Dopo Falcone e Borsellino la mafia colpisce ancora, senza fermarsi. Torna a uccidere e distruggere in una terribile escalation di morte e violenza ( il 14 maggio 1993 in via Fauro a Roma nei pressi del Teatro Parioli scoppia una bomba: l’obiettivo è Maurizio Costanzo. Due mesi dopo, il 27 luglio, un’altra bomba scoppia a Milano danneggiando la Galleria di Arte Moderna e d uccidendo altre cinque persone.

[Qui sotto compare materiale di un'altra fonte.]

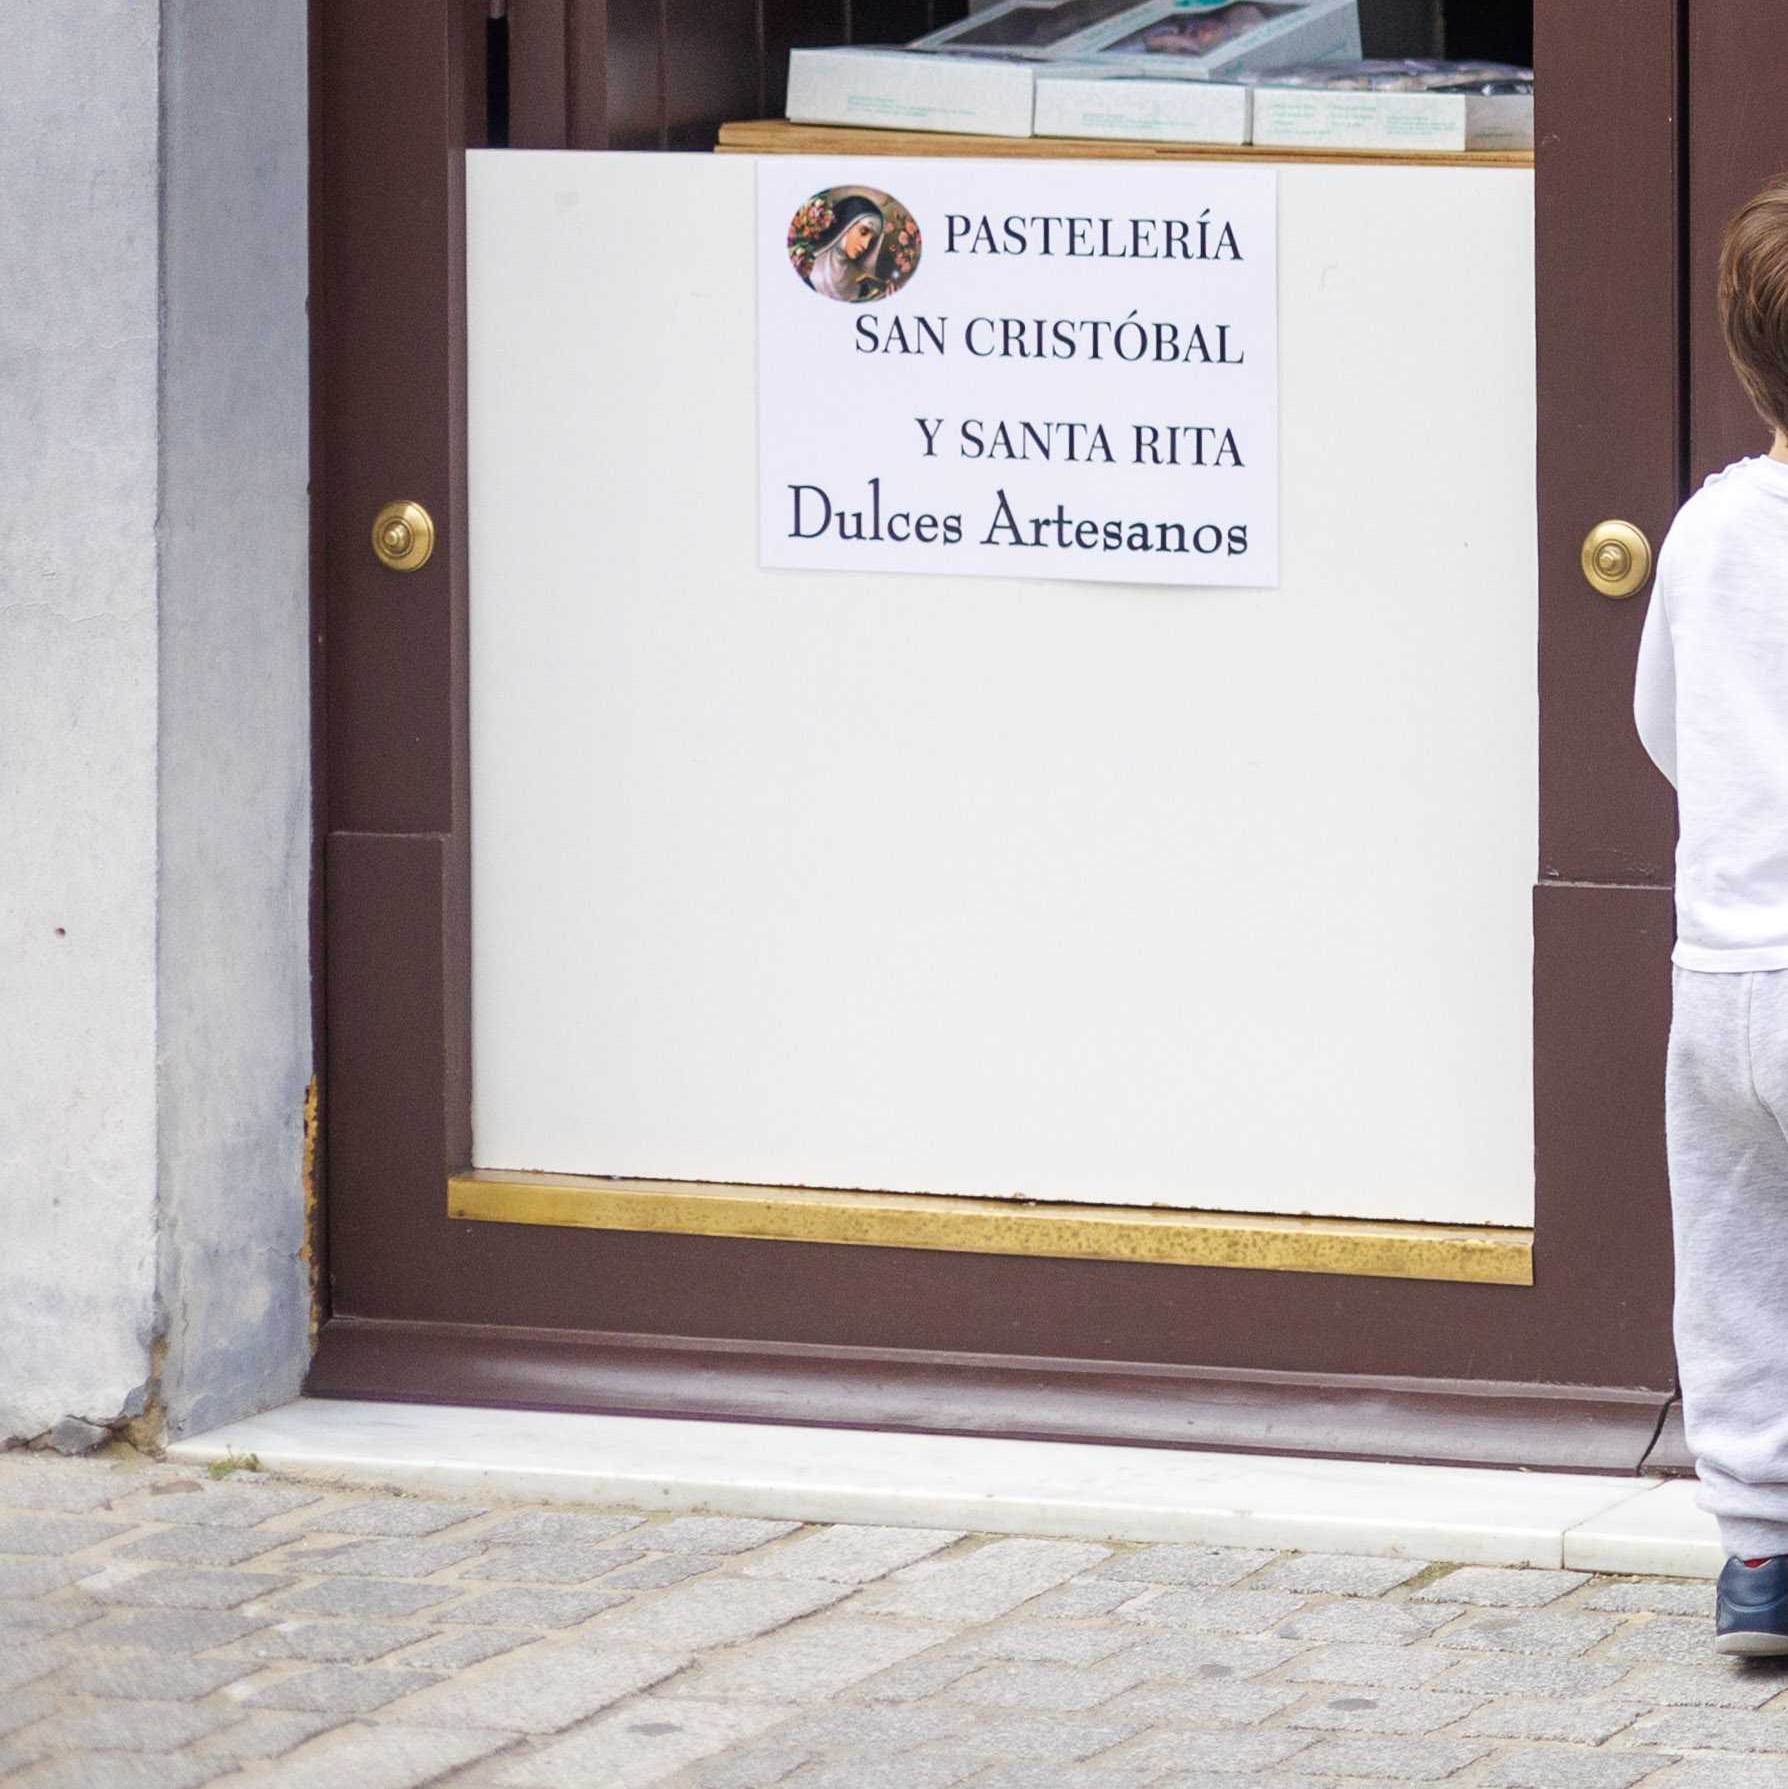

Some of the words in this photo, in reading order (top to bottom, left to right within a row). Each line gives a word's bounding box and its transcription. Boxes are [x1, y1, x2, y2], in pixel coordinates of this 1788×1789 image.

Il giorno successivo altre due bombe a Roma davanti alla Basilica di San Giovanni in Laterano e alla Chiesa di San Giorgio al Velabro ).
Il giorno dei funerali delle vittime dell’Accademia, a pochi metri dal luogo della strage, davanti alla piccola chiesa trecentesca di San Carlo dei Lombardi, centinaia di persone trasformeranno via dei Calzaiuoli in un' enorme basilica a cielo aperto. “Impotenti come sempre di fronte alla barbarie”, si legge sul libro delle condoglianze. “Qui, in questa chiesa, domenica scorsa ho battezzato Caterina”, è il commento commosso di Don Paride, gli occhi rossi, la voce incrinata. Un compagno di Nadia legge una letterina: “Siamo tutti insieme, vicino a lei, così grande e straordinaria nella stupenda poesia che ci ha lasciato”.
“Il pomeriggio se ne va. - scriveva la bimba - Il tramonto si avvicina, un momento stupendo. Il sole sta andando via (a letto) È già sera, tutto è finito”. È già sera. Tutto è finito.